Zum Hauptinhalt springen

Schluss mit Wahlbetrug

Kolumne von Sahra Wagenknecht,

Von Sahra Wagenknecht, Erste Stellvertretende Vorsitzende der Fraktion DIE LINKE. im Bundestag




Alt-Kanzler Konrad Adenauer (CDU) wird der Satz zugeschrieben: "Was kümmert mich mein Geschwätz von gestern!" Die SPD hatte 2005 Wahlkampf gegen die Pläne von Angela Merkels CDU gemacht, die Mehrwertsteuer um zwei Prozent zu erhöhen. Kaum schlüpfte die SPD nach der Wahl ins Bett der großen Koalition, kam die Erhöhung – und zwar um drei Prozent. Lapidarer Kommentar des damaligen Vize-Kanzler Franz Müntefering (SPD): "Wir werden als Koalition an dem gemessen, was in Wahlkämpfen gesagt worden ist. Das ist unfair!"

Wer Wahlversprechen bricht, schadet der Demokratie. Immer mehr Menschen gehen aus Frust nicht mehr wählen. Demokratie bedeutet auch, dass sich Interessen der Mehrheit durchsetzen. Seit vielen Jahren regieren jedoch Parteien, die Löhne und Renten kürzen und den Sozialstaat zerstören. SPD und GRÜNE haben nun mit der LINKEN die Chance zu beweisen, dass sie es in Zukunft anders machen. Uns geht es um die Sache, nicht um Ministersessel. Daher fordern wir SPD und GRÜNE auf, noch vor der Regierungsbildung mit uns zentrale Wahlversprechen im Bundestag umzusetzen:

1. Die Einführung eines gesetzlichen Mindestlohns zum 1. Januar 2014. Denn Leistung muss sich wieder lohnen. Etwa 20 Prozent der Beschäftigten in Deutschland schuften zu Niedriglöhnen. Von einem Mindestlohn von 10 Euro würden mindestens acht Millionen Arbeitnehmerinnen und Arbeitnehmer profitieren. Nur ein solcher Mindestlohn kann nach Berechnungen der Bundesregierung nach 45 Jahren Vollzeitarbeit Altersarmut verhindern. Zudem würde der Mindestlohn alle Beschäftigten vor Lohndumping schützen. Selbst die Führungskräfte von Unternehmen befürworten laut einer Umfrage des Handelsblatts mehrheitlich den Mindestlohn. Im Durchschnitt fordern die Manager immerhin fast 9 Euro.

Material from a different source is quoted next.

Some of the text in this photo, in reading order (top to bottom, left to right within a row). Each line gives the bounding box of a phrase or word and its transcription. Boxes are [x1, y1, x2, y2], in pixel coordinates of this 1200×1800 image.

2. Die Abschaffung des Betreuungsgeldes beziehungsweise Investitionen in den Ausbau hochwertiger Kinderbetreuung. Das Betreuungsgeld ist unsozial. Es schafft Anreize, Kinder nicht in eine Tagestätte zu bringen, viele arme Familien werden ihren Rechtsanspruch auf einen Kitaplatz deshalb nicht wahrnehmen. Damit werden Kinder um eine Förderung ihrer Talente gebracht.

3. Die vollständige rechtliche Gleichstellung von gleichgeschlechtlichen Partnerschaften mit der Ehe, dies betrifft insbesondere das Steuer und Adoptionsrecht. Der Staat oder die Kirche haben bei Liebe keine Vorschriften zu machen. Menschen, die gemeinsam Verantwortung übernehmen und füreinander einstehen, müssen unterstützt, nicht benachteiligt werden.

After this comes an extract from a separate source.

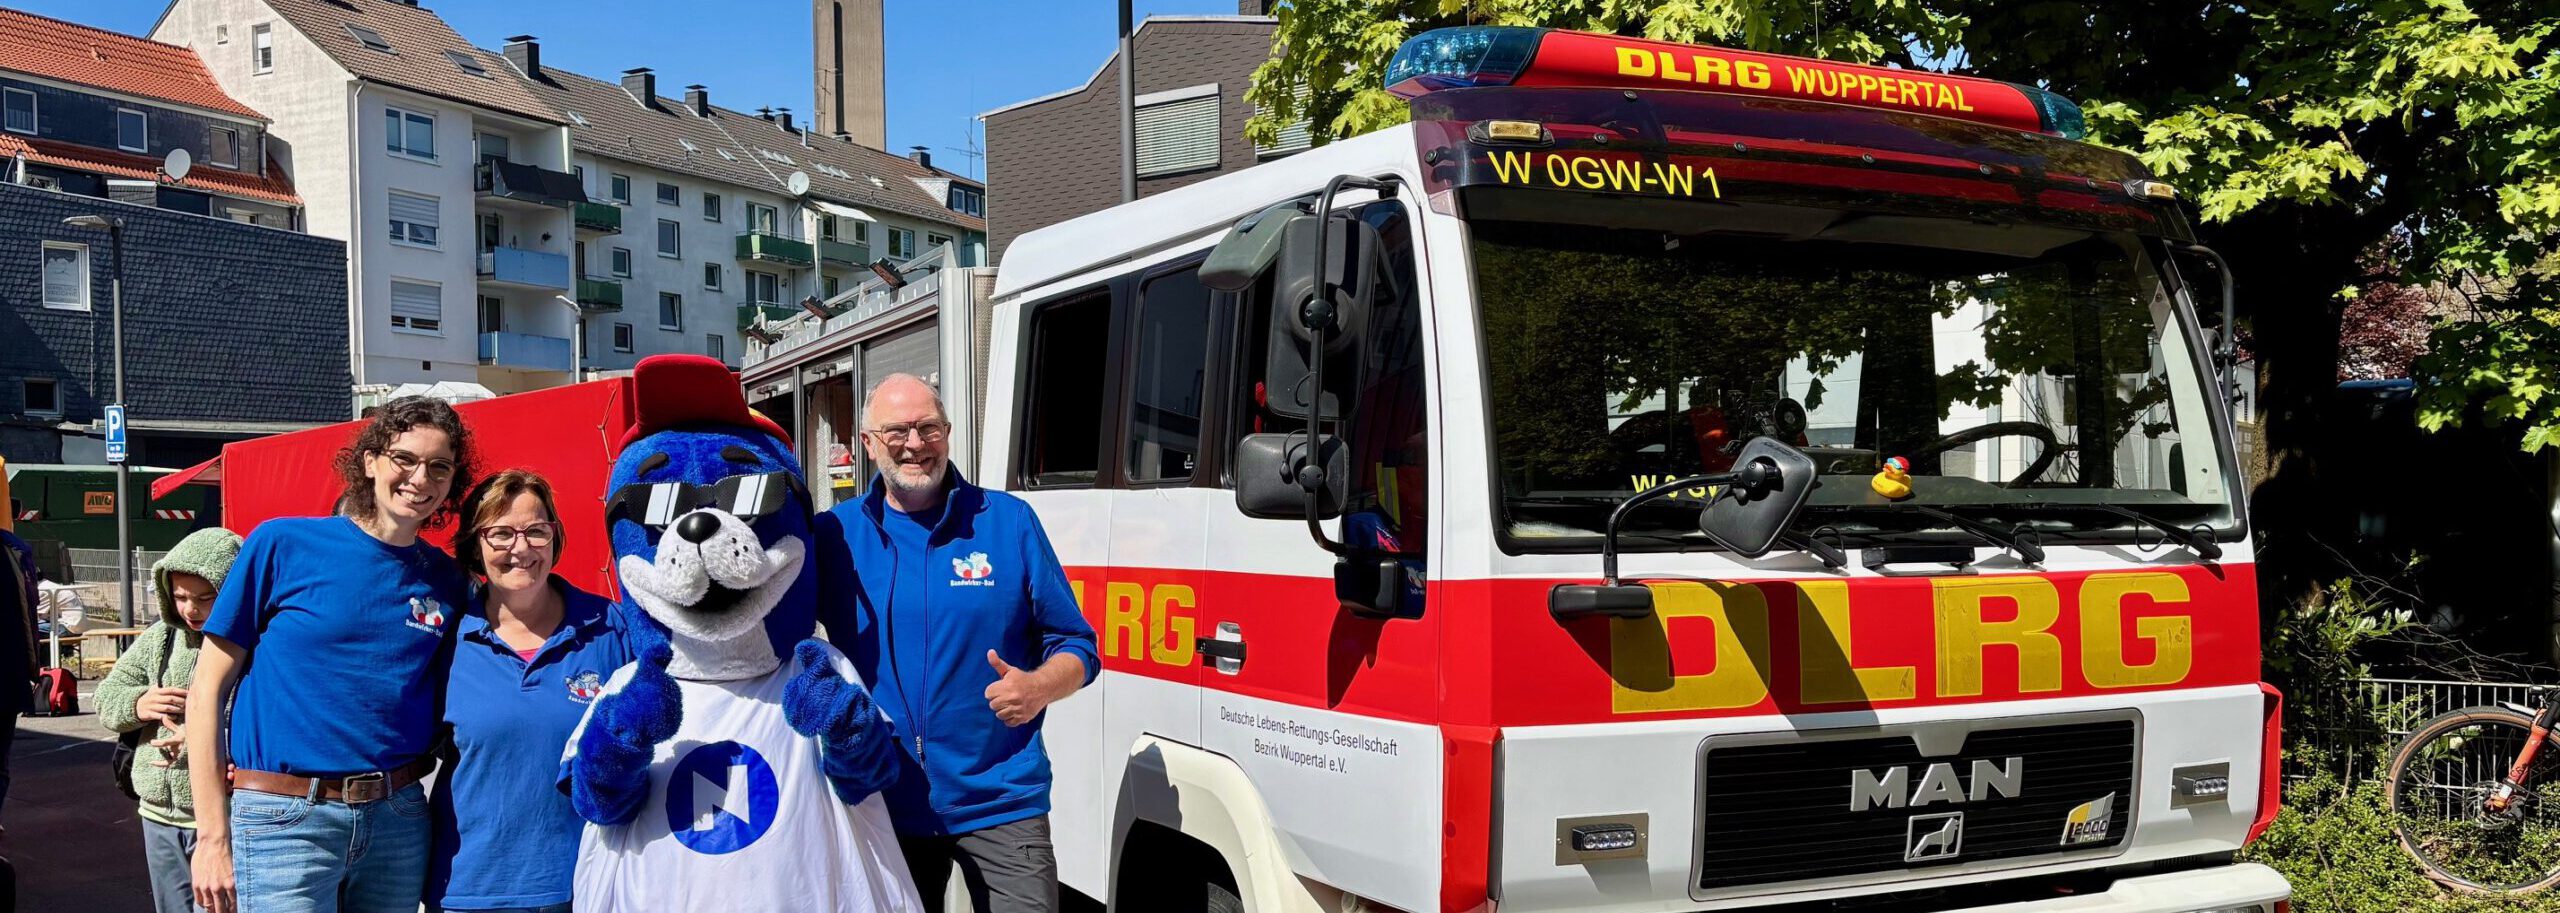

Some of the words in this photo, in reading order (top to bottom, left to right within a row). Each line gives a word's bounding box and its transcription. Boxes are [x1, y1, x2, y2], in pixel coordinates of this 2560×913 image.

4. Das Verbot der sachgrundlosen Befristung von Arbeitsverträgen. Es muss Schluss sein mit Ketten-Befristungen, die nur einem Ziel dienen: die Löhne zu drücken. Unsichere Beschäftigungsverhältnisse machen krank und verhindern eine vernünftige Lebensplanung oder erschweren die Gründung einer Familie.

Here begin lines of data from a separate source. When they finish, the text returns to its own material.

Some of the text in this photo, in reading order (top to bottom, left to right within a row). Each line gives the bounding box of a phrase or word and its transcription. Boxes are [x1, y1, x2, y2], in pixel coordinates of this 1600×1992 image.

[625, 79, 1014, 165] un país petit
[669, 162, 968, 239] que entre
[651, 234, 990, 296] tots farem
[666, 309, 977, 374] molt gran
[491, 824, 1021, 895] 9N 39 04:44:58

5. Die Abschaffung der Abschläge bei der Erwerbsminderungsrente. Wer aus gesundheitlichen Gründen gar  nicht mehr oder nicht mehr Vollzeit arbeiten kann, wird immer häufiger arm. Denn die Zurechnungszeiten, mit denen Erwerbsgeminderte rentenrechtlich so gestellt werden, als hätten sie weiter gearbeitet, enden mit dem 60. Lebensjahr. Wer vor 63 in Rente gehen muss, wird mit Abschlägen von bis zu 10,8 Prozent bestraft. Die durchschnittliche Erwerbsminderungsrente liegt daher nur noch knapp über der Grundsicherung im Alter und wird bis 2030 um etwa 20 Prozent sinken. DIE LINKE will die Abschläge bei der Erwerbsminderungsrente abschaffen.

Für diese Forderungen gibt es eine rechnerische Mehrheit im Bundestag. Und sie rechnen sich für Millionen Menschen. Wahlversprechen sind Ehrensache. SPD und GRÜNE müssen endlich Farbe bekennen.